What you will do:
Leave the pictures out and restate every line below exactly.

(Annotated photo localization data)
++++

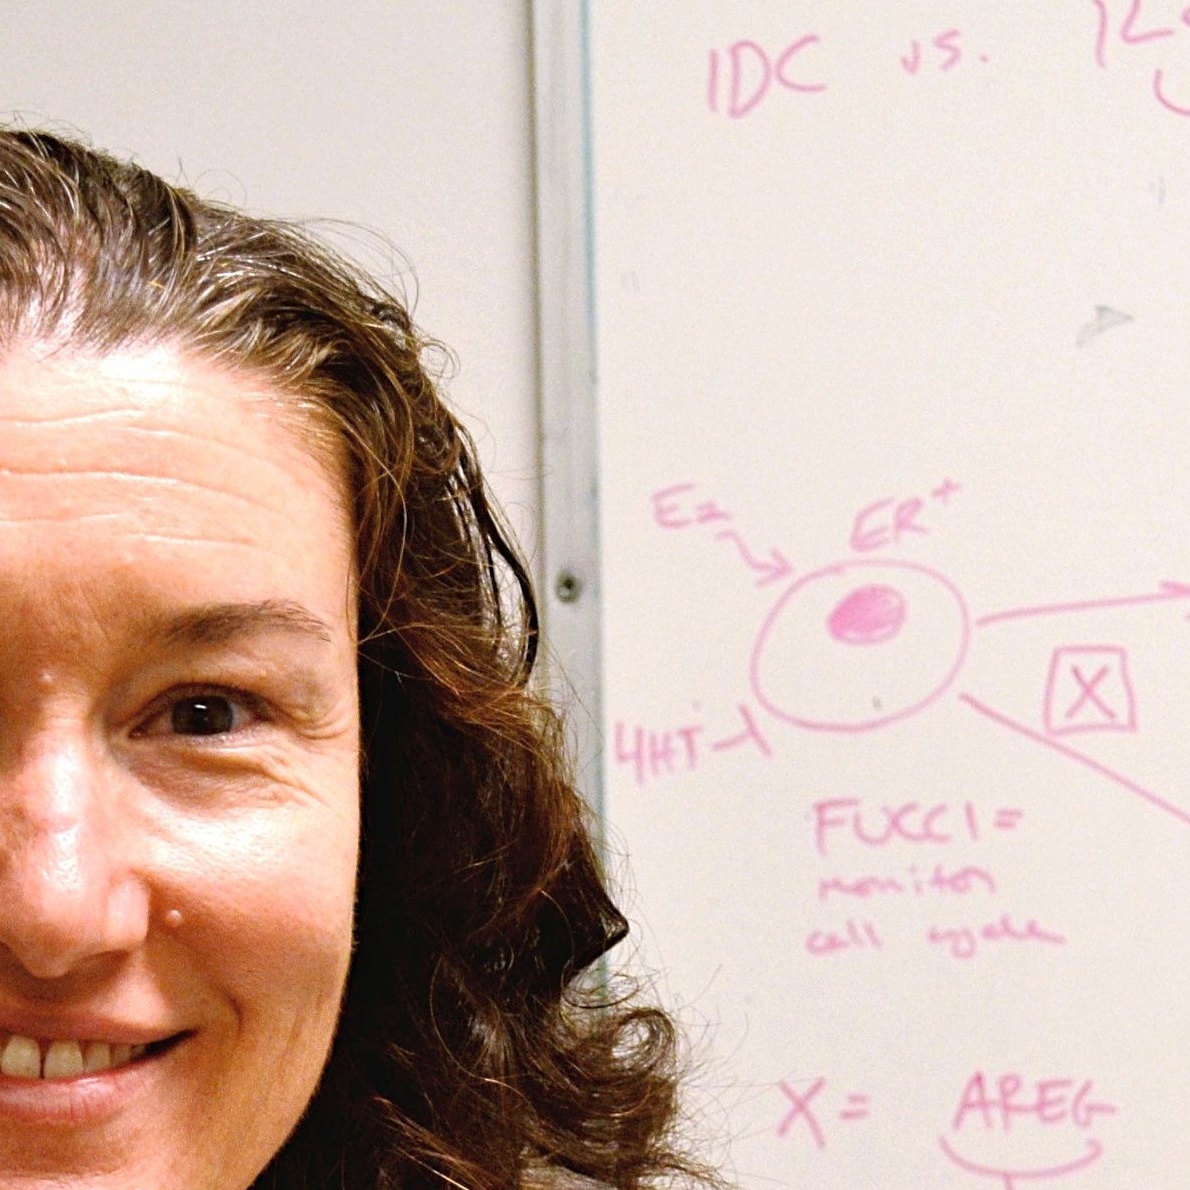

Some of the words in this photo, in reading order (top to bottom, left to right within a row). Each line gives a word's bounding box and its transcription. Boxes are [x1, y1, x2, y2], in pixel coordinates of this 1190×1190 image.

[708, 34, 825, 119] IDC
[1066, 666, 1116, 718] X
[614, 722, 704, 786] 4HT
[952, 1070, 1118, 1133] AREG
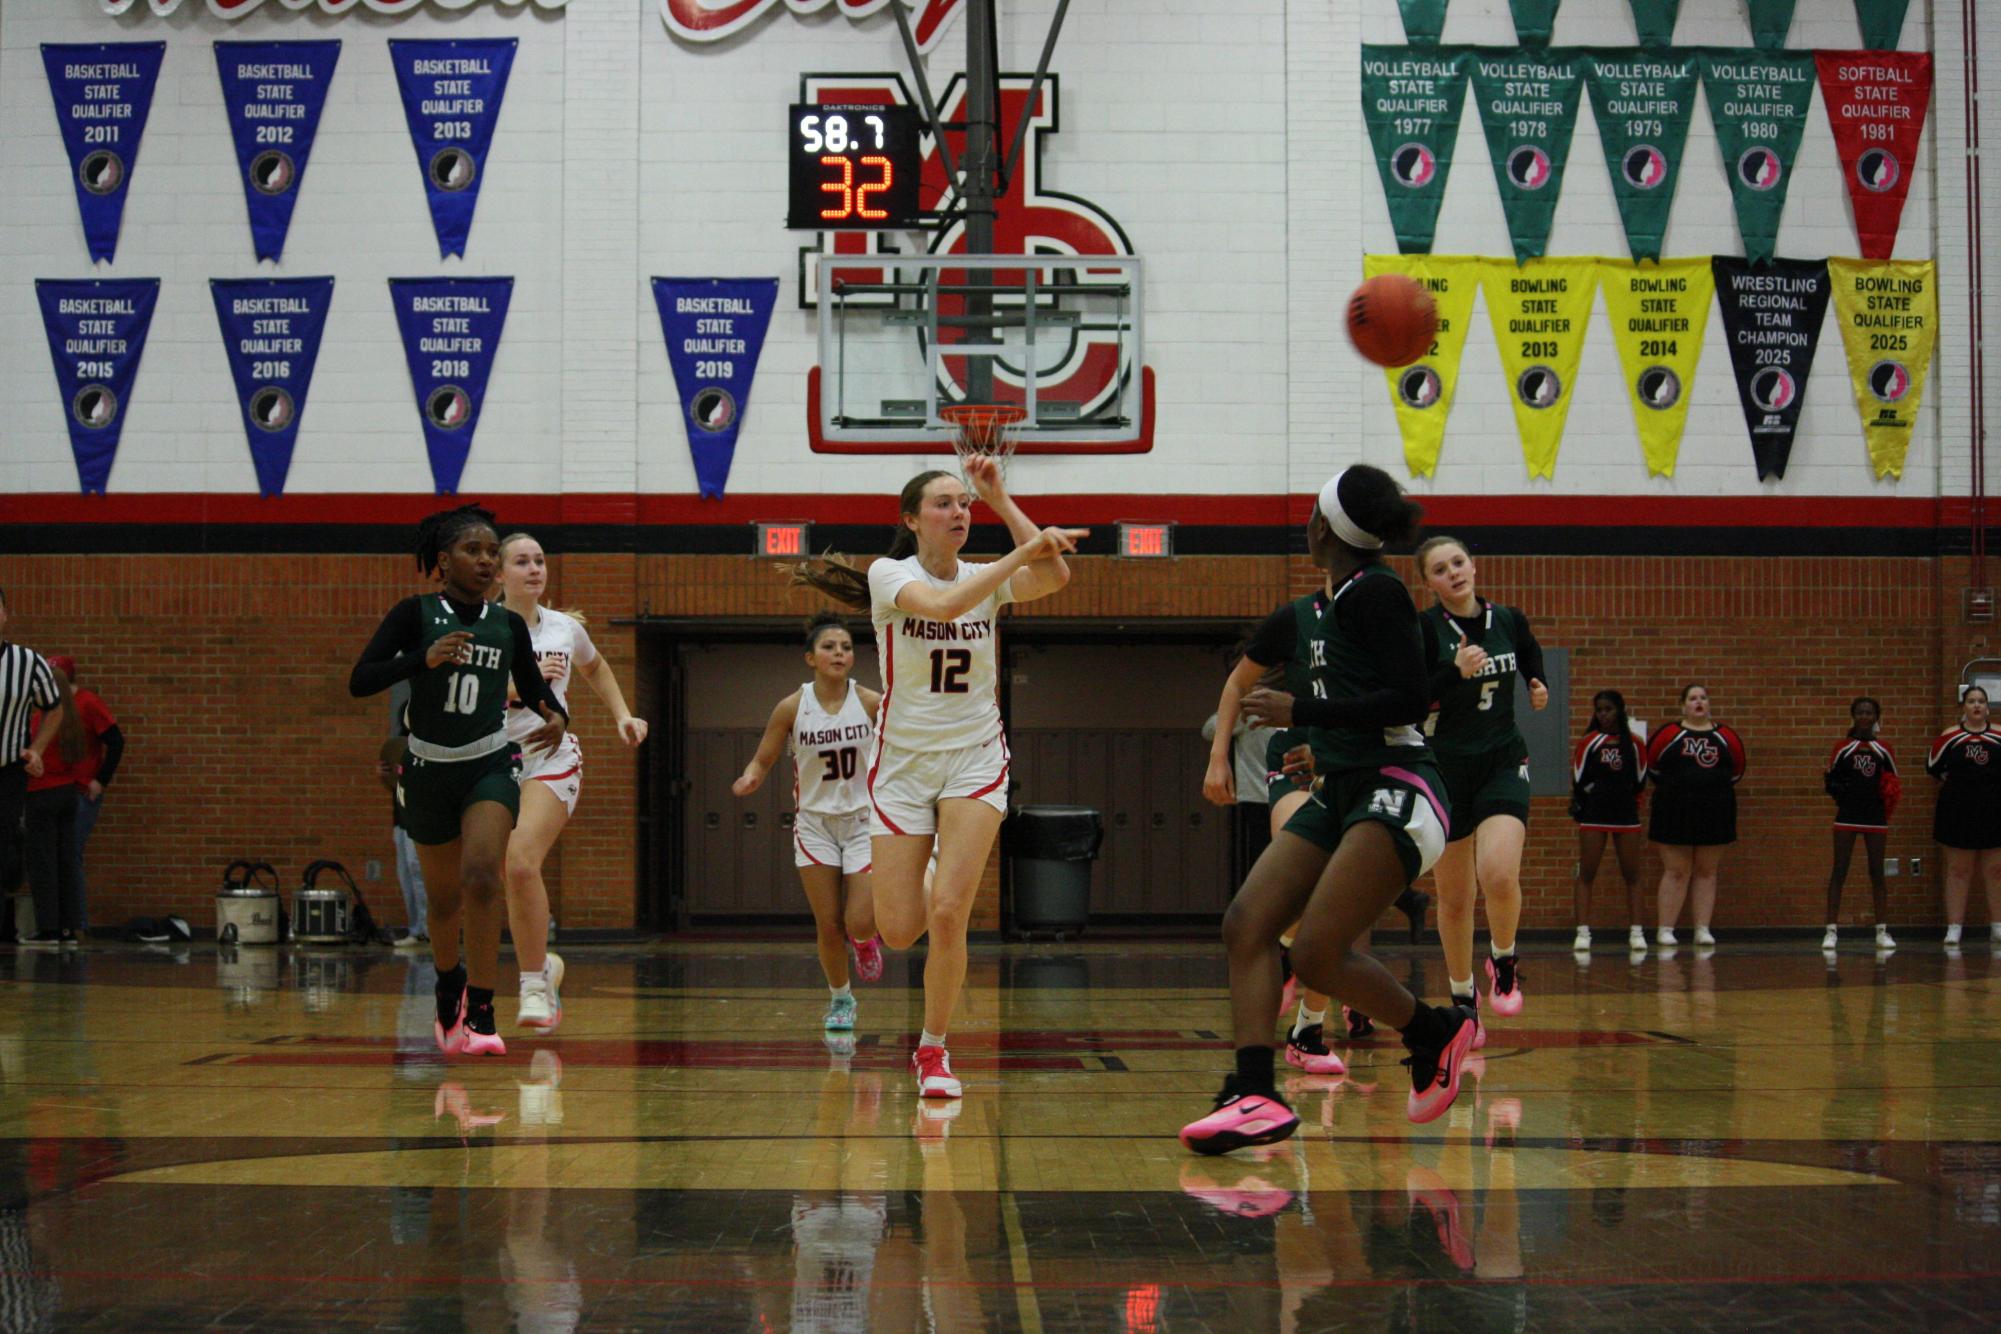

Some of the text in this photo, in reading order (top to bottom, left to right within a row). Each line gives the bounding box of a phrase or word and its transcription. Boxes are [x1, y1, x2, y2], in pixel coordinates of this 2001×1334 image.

[65, 64, 140, 79] BASKETBALL
[237, 64, 314, 79] BASKETBALL
[413, 59, 491, 75] BASKETBALL
[1364, 61, 1460, 76] VOLLEYBALL
[1479, 62, 1575, 79] VOLLEYBALL
[1594, 63, 1690, 79] VOLLEYBALL
[1711, 65, 1806, 81] VOLLEYBALL
[1838, 67, 1912, 83] SOFTBALL
[84, 85, 120, 99] STATE
[256, 85, 293, 99] STATE
[434, 80, 471, 95] STATE
[1389, 80, 1434, 95] STATE
[1505, 83, 1550, 97] STATE
[1620, 82, 1665, 97] STATE
[1737, 85, 1781, 99] STATE
[1854, 86, 1898, 101] STATE
[72, 104, 132, 118] QUALIFIER
[244, 104, 305, 118] QUALIFIER
[422, 99, 484, 114] QUALIFIER
[1377, 99, 1448, 112] QUALIFIER
[1492, 101, 1563, 115] QUALIFIER
[1608, 101, 1678, 114] QUALIFIER
[1724, 103, 1794, 117] QUALIFIER
[1841, 104, 1911, 119] QUALIFIER
[84, 126, 119, 142] 2011
[256, 126, 293, 142] 2012
[433, 121, 471, 139] 2013
[800, 115, 884, 153] 58.7
[1394, 118, 1431, 135] 1977
[1509, 121, 1547, 137] 1978
[1625, 120, 1662, 136] 1979
[1741, 122, 1778, 139] 1980
[1860, 124, 1895, 140] 1981
[821, 156, 892, 219] 32
[1511, 278, 1568, 293] BOWLING
[1630, 278, 1687, 293] BOWLING
[1731, 276, 1817, 293] WRESTLING
[1855, 277, 1922, 293] BOWLING
[59, 299, 135, 314] BASKETBALL
[233, 298, 310, 314] BASKETBALL
[413, 297, 491, 312] BASKETBALL
[676, 298, 754, 314] BASKETBALL
[1522, 299, 1557, 313] STATE
[1641, 299, 1677, 313] STATE
[1739, 295, 1807, 311] REGIONAL
[1867, 296, 1910, 311] STATE
[79, 320, 115, 334] STATE
[253, 319, 290, 334] STATE
[433, 318, 470, 333] STATE
[696, 319, 733, 334] STATE
[1510, 319, 1570, 333] QUALIFIER
[1628, 318, 1689, 332] QUALIFIER
[1755, 312, 1792, 327] TEAM
[1854, 314, 1924, 329] QUALIFIER
[65, 339, 127, 353] QUALIFIER
[241, 339, 302, 353] QUALIFIER
[420, 338, 482, 352] QUALIFIER
[684, 339, 745, 353] QUALIFIER
[1738, 331, 1808, 346] CHAMPION
[1870, 334, 1907, 351] 2025
[1522, 341, 1558, 358] 2013
[1640, 340, 1677, 356] 2014
[1755, 349, 1791, 365] 2025
[77, 361, 113, 378] 2015
[252, 361, 290, 378] 2016
[432, 360, 469, 377] 2018
[695, 361, 733, 378] 2019
[766, 527, 801, 555] EXIT
[1128, 527, 1163, 555] EXIT
[902, 617, 991, 641] MASON CITY
[930, 648, 971, 693] 12
[443, 671, 480, 715] 10
[1477, 681, 1500, 711] 5
[800, 729, 842, 746] MASON
[818, 747, 858, 781] 30
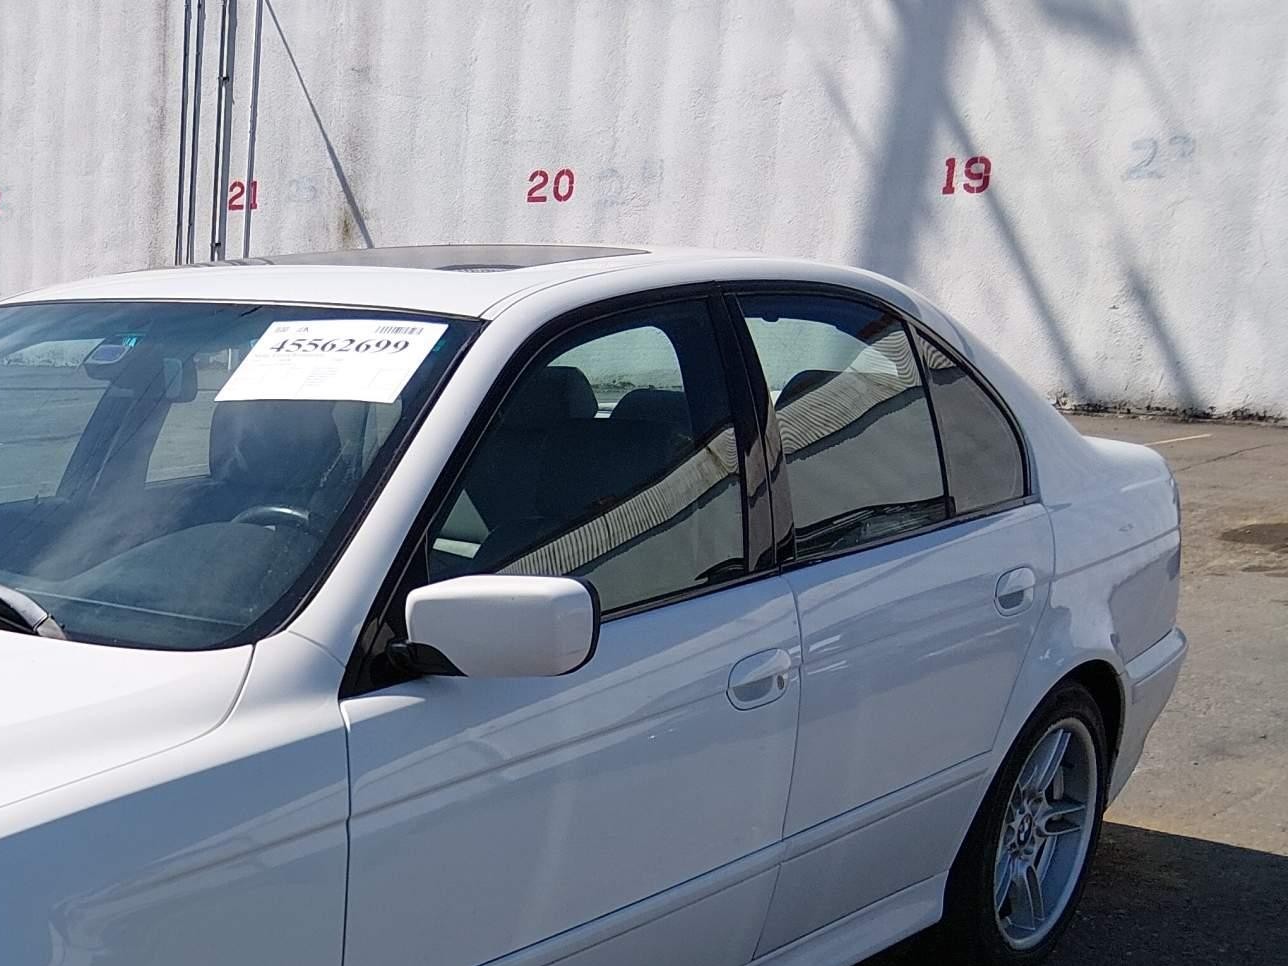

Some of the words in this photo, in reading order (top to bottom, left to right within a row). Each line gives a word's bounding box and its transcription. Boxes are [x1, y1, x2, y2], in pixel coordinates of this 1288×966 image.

[527, 168, 575, 204] 20
[942, 156, 992, 196] 19
[228, 181, 258, 211] 21
[270, 338, 410, 354] 45562699

++++

Answer space:
Some of the words in this photo, in reading order (top to bottom, left to right within a row). Each line gives a word's bounding box and its transcription. Boxes are [x1, y1, x2, y2], in pixel coordinates of this 1190×1190 image.

[708, 34, 825, 119] IDC
[1066, 666, 1116, 718] X
[614, 722, 704, 786] 4HT
[952, 1070, 1118, 1133] AREG

Some of the text in this photo, in reading order (top to bottom, left to right within a row). Each line gives the bounding box of a phrase or word and its transcription. Boxes are [x1, y1, x2, y2], in pixel coordinates of this 2001×1334 image.

[65, 64, 140, 79] BASKETBALL
[237, 64, 314, 79] BASKETBALL
[413, 59, 491, 75] BASKETBALL
[1364, 61, 1460, 76] VOLLEYBALL
[1479, 62, 1575, 79] VOLLEYBALL
[1594, 63, 1690, 79] VOLLEYBALL
[1711, 65, 1806, 81] VOLLEYBALL
[1838, 67, 1912, 83] SOFTBALL
[84, 85, 120, 99] STATE
[256, 85, 293, 99] STATE
[434, 80, 471, 95] STATE
[1389, 80, 1434, 95] STATE
[1505, 83, 1550, 97] STATE
[1620, 82, 1665, 97] STATE
[1737, 85, 1781, 99] STATE
[1854, 86, 1898, 101] STATE
[72, 104, 132, 118] QUALIFIER
[244, 104, 305, 118] QUALIFIER
[422, 99, 484, 114] QUALIFIER
[1377, 99, 1448, 112] QUALIFIER
[1492, 101, 1563, 115] QUALIFIER
[1608, 101, 1678, 114] QUALIFIER
[1724, 103, 1794, 117] QUALIFIER
[1841, 104, 1911, 119] QUALIFIER
[84, 126, 119, 142] 2011
[256, 126, 293, 142] 2012
[433, 121, 471, 139] 2013
[800, 115, 884, 153] 58.7
[1394, 118, 1431, 135] 1977
[1509, 121, 1547, 137] 1978
[1625, 120, 1662, 136] 1979
[1741, 122, 1778, 139] 1980
[1860, 124, 1895, 140] 1981
[821, 156, 892, 219] 32
[1511, 278, 1568, 293] BOWLING
[1630, 278, 1687, 293] BOWLING
[1731, 276, 1817, 293] WRESTLING
[1855, 277, 1922, 293] BOWLING
[59, 299, 135, 314] BASKETBALL
[233, 298, 310, 314] BASKETBALL
[413, 297, 491, 312] BASKETBALL
[676, 298, 754, 314] BASKETBALL
[1522, 299, 1557, 313] STATE
[1641, 299, 1677, 313] STATE
[1739, 295, 1807, 311] REGIONAL
[1867, 296, 1910, 311] STATE
[79, 320, 115, 334] STATE
[253, 319, 290, 334] STATE
[433, 318, 470, 333] STATE
[696, 319, 733, 334] STATE
[1510, 319, 1570, 333] QUALIFIER
[1628, 318, 1689, 332] QUALIFIER
[1755, 312, 1792, 327] TEAM
[1854, 314, 1924, 329] QUALIFIER
[65, 339, 127, 353] QUALIFIER
[241, 339, 302, 353] QUALIFIER
[420, 338, 482, 352] QUALIFIER
[684, 339, 745, 353] QUALIFIER
[1738, 331, 1808, 346] CHAMPION
[1870, 334, 1907, 351] 2025
[1522, 341, 1558, 358] 2013
[1640, 340, 1677, 356] 2014
[1755, 349, 1791, 365] 2025
[77, 361, 113, 378] 2015
[252, 361, 290, 378] 2016
[432, 360, 469, 377] 2018
[695, 361, 733, 378] 2019
[766, 527, 801, 555] EXIT
[1128, 527, 1163, 555] EXIT
[902, 617, 991, 641] MASON CITY
[930, 648, 971, 693] 12
[443, 671, 480, 715] 10
[1477, 681, 1500, 711] 5
[800, 729, 842, 746] MASON
[818, 747, 858, 781] 30

Some of the words in this photo, in reading order (top to bottom, left to right within a row). Each line gives a word's bounding box and its transcription. Boxes are [x1, y1, x2, y2], in pixel coordinates of this 1288×966 image.

[527, 168, 575, 204] 20
[942, 156, 992, 196] 19
[228, 181, 258, 211] 21
[270, 338, 410, 354] 45562699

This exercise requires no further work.